Henry Burden was born near the village of Dunblane in Scotland in 1791.

He showed early mechanical aptitude, so his family sent him off the Edinburgh to get formal education as an engineer. While studying there he met some Americans who convinced him that the future was brighter in the United States. They wrote him some letters of introduction, including one to prominent Hudson-Mohawk area land owner and investor Stephen van Rensselaer.

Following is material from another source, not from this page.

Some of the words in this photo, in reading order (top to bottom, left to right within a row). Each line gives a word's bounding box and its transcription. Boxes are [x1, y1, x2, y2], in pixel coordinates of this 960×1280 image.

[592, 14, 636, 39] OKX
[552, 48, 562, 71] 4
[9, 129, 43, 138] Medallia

Burden crossed the Atlantic in 1819, arriving in Albany via Montreal. There, under van Rensselaer’s patronage, he promoted a new plow design (although some observers note that this plow bore a strong resemblance to a plow used in Scotland). That a better plow would be Burden’s first initiative is not surprising, given that it was in van Rensselaer’s interest that his tenant farmers be as productive as possible to pay their rents. Burden also developed a flax machine and a cultivator, possibly the first mechanical cultivator in the United States.

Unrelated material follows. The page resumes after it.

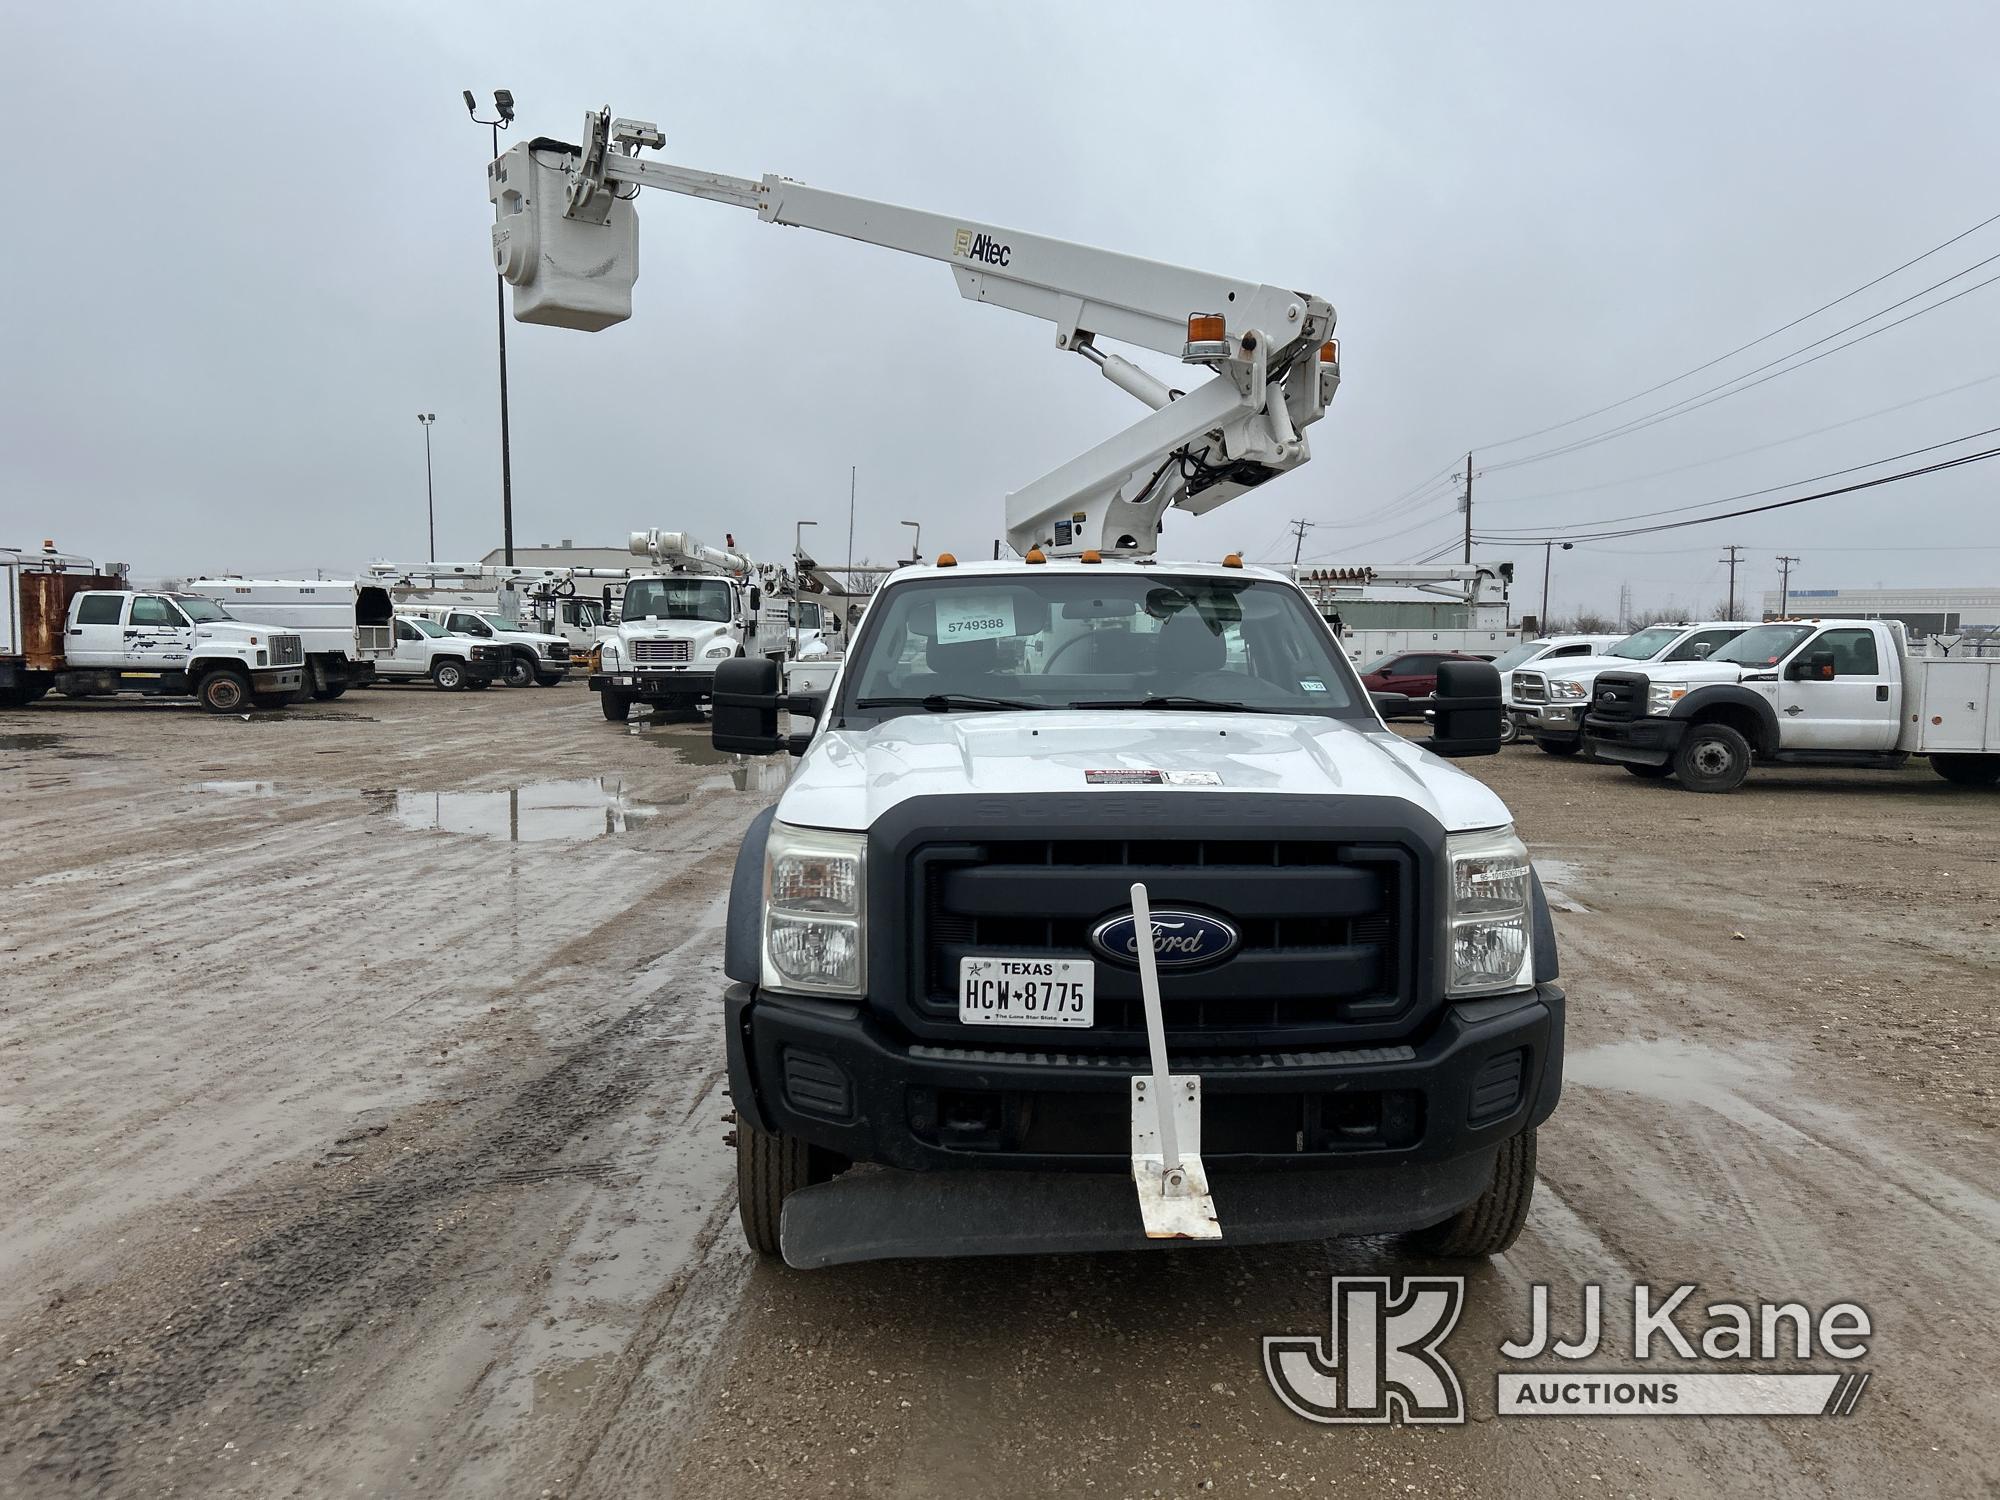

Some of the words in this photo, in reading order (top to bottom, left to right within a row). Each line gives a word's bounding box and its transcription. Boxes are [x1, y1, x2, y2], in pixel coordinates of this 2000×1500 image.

[969, 233, 1011, 267] Altec
[948, 618, 1004, 633] 5749388
[1001, 962, 1053, 976] TEXAS

He was then hired by Isaiah Townsend of Albany to supervise the construction of a horse-powered ferry boat. Although steam-powered boats were already in use by that time (Robert Fulton had steamed from New York City to Albany in 1807), steam power was not practical for a ferry boat which spent much of its time idle and then made short trips. The ferry boat project was a success, and several were built and operated at different points along the Hudson and in Lake Champlain for decades.

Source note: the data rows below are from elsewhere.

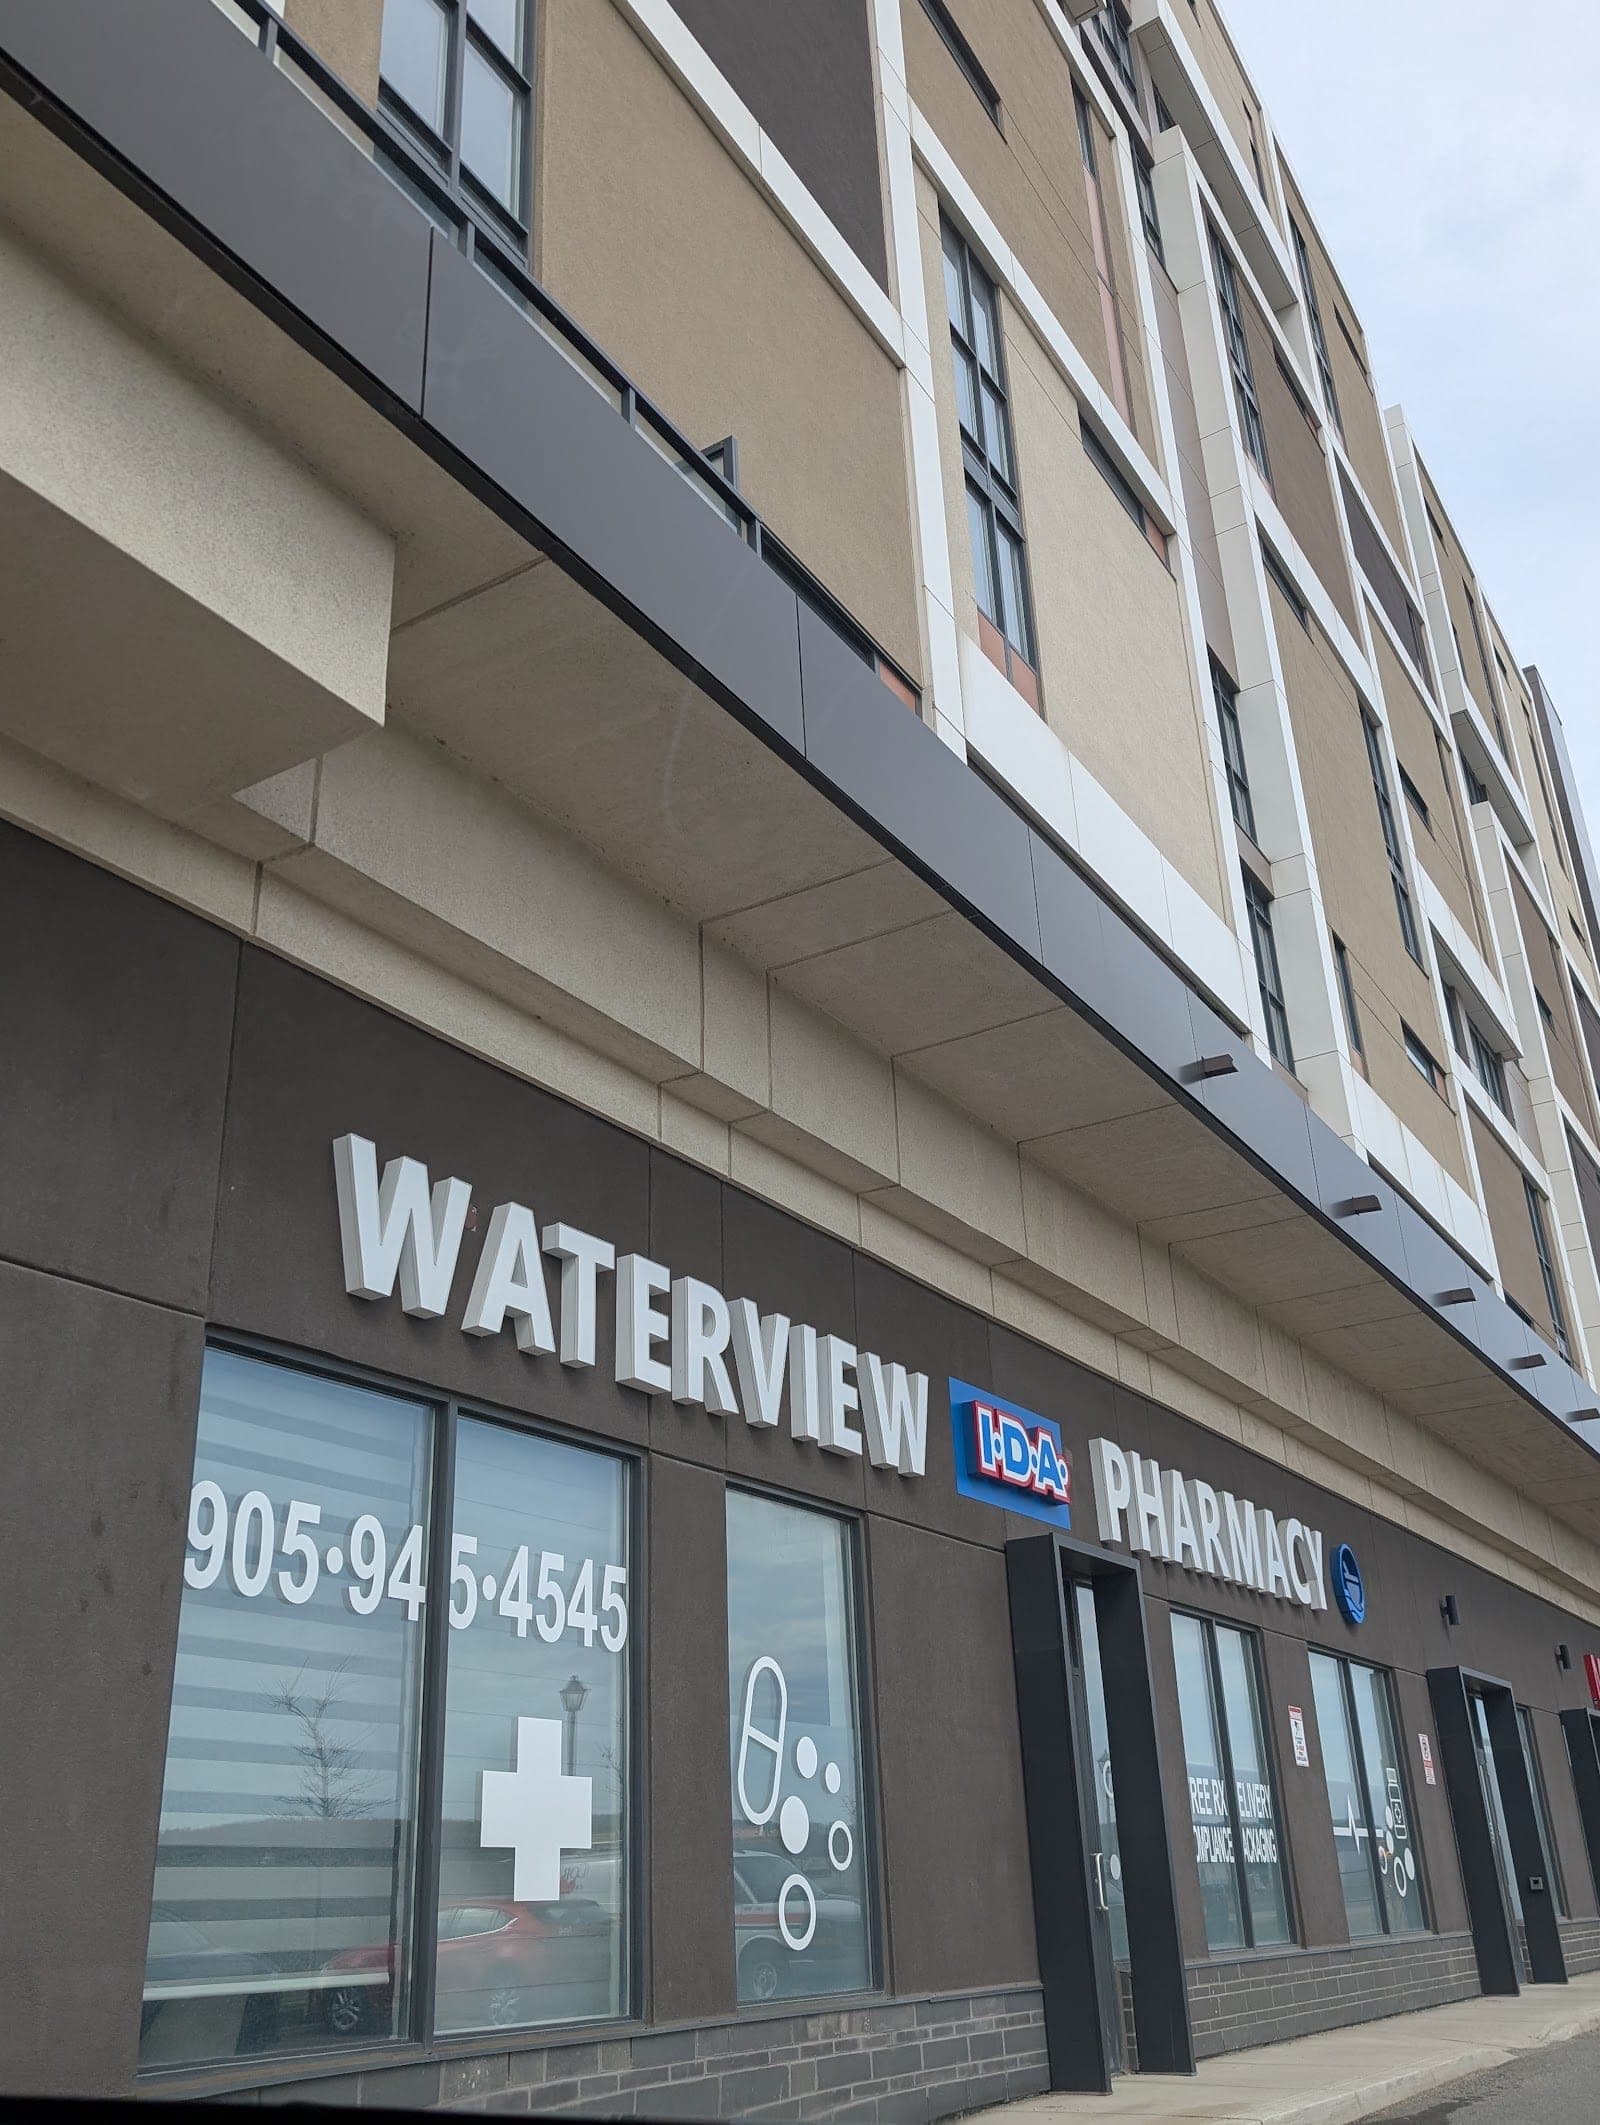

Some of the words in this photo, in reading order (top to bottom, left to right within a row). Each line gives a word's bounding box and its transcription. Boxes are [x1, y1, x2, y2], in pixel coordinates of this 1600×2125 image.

[332, 1132, 929, 1479] WATERVIEW
[1088, 1437, 1328, 1610] PHARMACY
[1188, 1776, 1212, 1815] REE
[1212, 1778, 1229, 1816] RX
[1236, 1781, 1273, 1819] ELIVERY
[1242, 1827, 1278, 1863] ACKAGING

Townsend was pleased with Burden’s work on the ferry. He was also an investor in the Troy Iron and Nail Factory on the Wynantskill in Troy, and he got Henry Burden hired as factory superintendent in 1822, only three years after his arrival in the United States. Burden’s contract was unusual. Not only did it make him the superintendent with a salary, but it also allowed him to continue inventing on company time and with company resources. If he developed anything with a commercial application, he could patent it and sign the patent over to the company. The royalties from these inventions initially went to the company, but over time Burden as inventor would receive a larger share, and Burden could use this income to buy shares in the company. By 1848 he owned the entire company.

His first invention for the Troy Iron and Nail Factory was an improved machine for making cut nails and carpentry spikes. He then modified the design of that machine to develop another machine for making hook-headed railroad spikes. While Burden did not invent the hook-headed railroad spike, he realized that this spike would become the standard method for attaching railroad rails to ties during the first boom in railroad construction, and that blacksmiths could not supply this demand. The challenge he overcame was to invent a machine for making a railroad spike with a strong joint between the head and shaft. This became a profitable business; Burden’s machines supplied all the spikes for the early Baltimore and Ohio Railroad and Long Island Railroad projects, and subsequently many others.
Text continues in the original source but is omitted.